Lysosomes: define autophagy and autolysis (slide 82) (Ch. 4)
Autophagy “eat”- Digest molecular structures of damaged organelles
Autolysis “breaking down”- Breaks down cellular components after cell death
Lysosomes is the organelle that preforms both
List the functions of the mitochondria (slide 86) (Ch. 4)
Engage in aerobic cellular respiration
Complete the digestion of glucose and other fuel molecules such as fatty acids
Synthesizes ATP molecules
The number of mitochondria can increase in the cell if there is a high demand for ATP
What is the main function of the ribosomes? (slide 88) (Ch. 4)
Composed of a large subunit and a small subunit
Bound ribosomes are attached to the rough ER
Free ribosomes are floating free in the cytosol
Ribosomes engage in protein synthesis
List the three protein molecules that form the cytoskeleton (slide 93) (Ch. 4)
Microfilaments - split two daughter cells by cytokinesis
Microtubules - separates chromosomes during cell division
Intermediate filaments- protein composition varies based on cell type
List the function of cilia, flagella, microvilli (slide 95) (Ch. 4)

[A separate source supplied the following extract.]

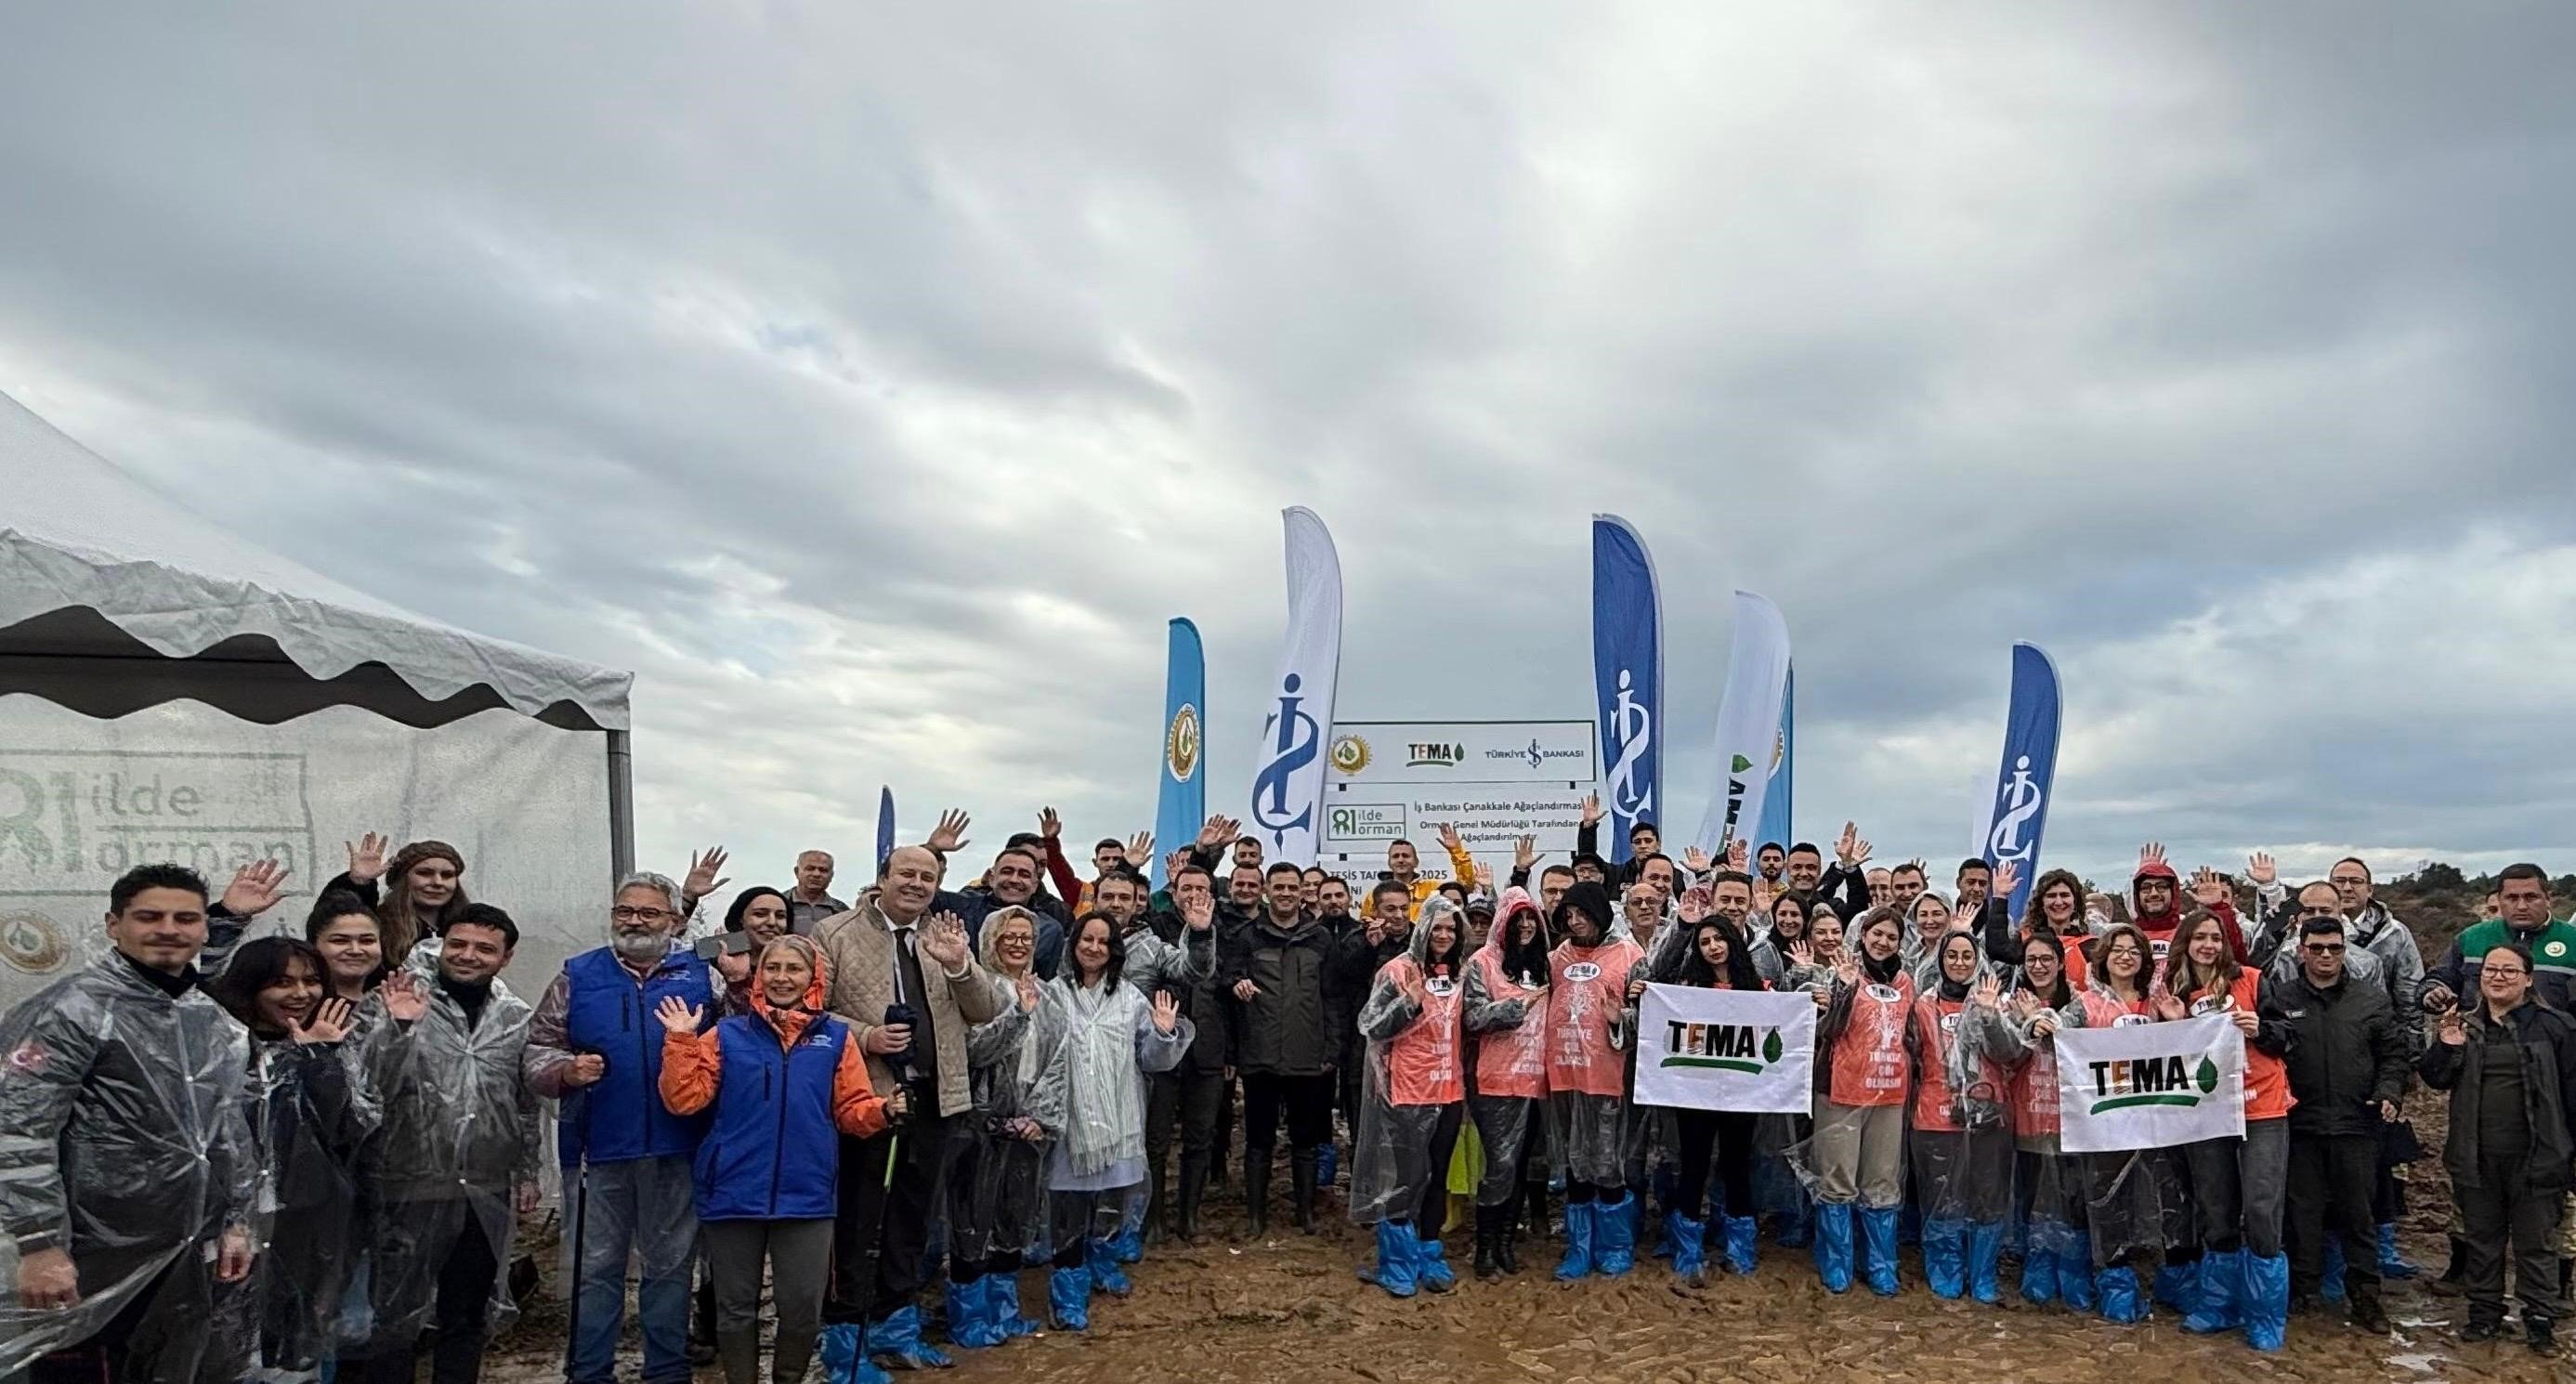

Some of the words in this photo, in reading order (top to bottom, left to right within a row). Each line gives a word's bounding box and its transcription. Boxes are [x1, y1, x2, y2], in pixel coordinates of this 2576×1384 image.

Cilia - Hair-like projections that move substances along cell surface
Flagella - Longer and wider than cilia; propels entire cell
Microvilli - Extensions of plasma membrane that increase surface area
List the function of tight junctions (slide 97), hemidesmosomes (slide 98), and gap junctions (slide 99) (Ch. 4)
Tight junctions:
Seal off the intracellular space and prevent substances from passing unregulated between epithelial cells. (This keeps urine from leaking out of the urinary bladder)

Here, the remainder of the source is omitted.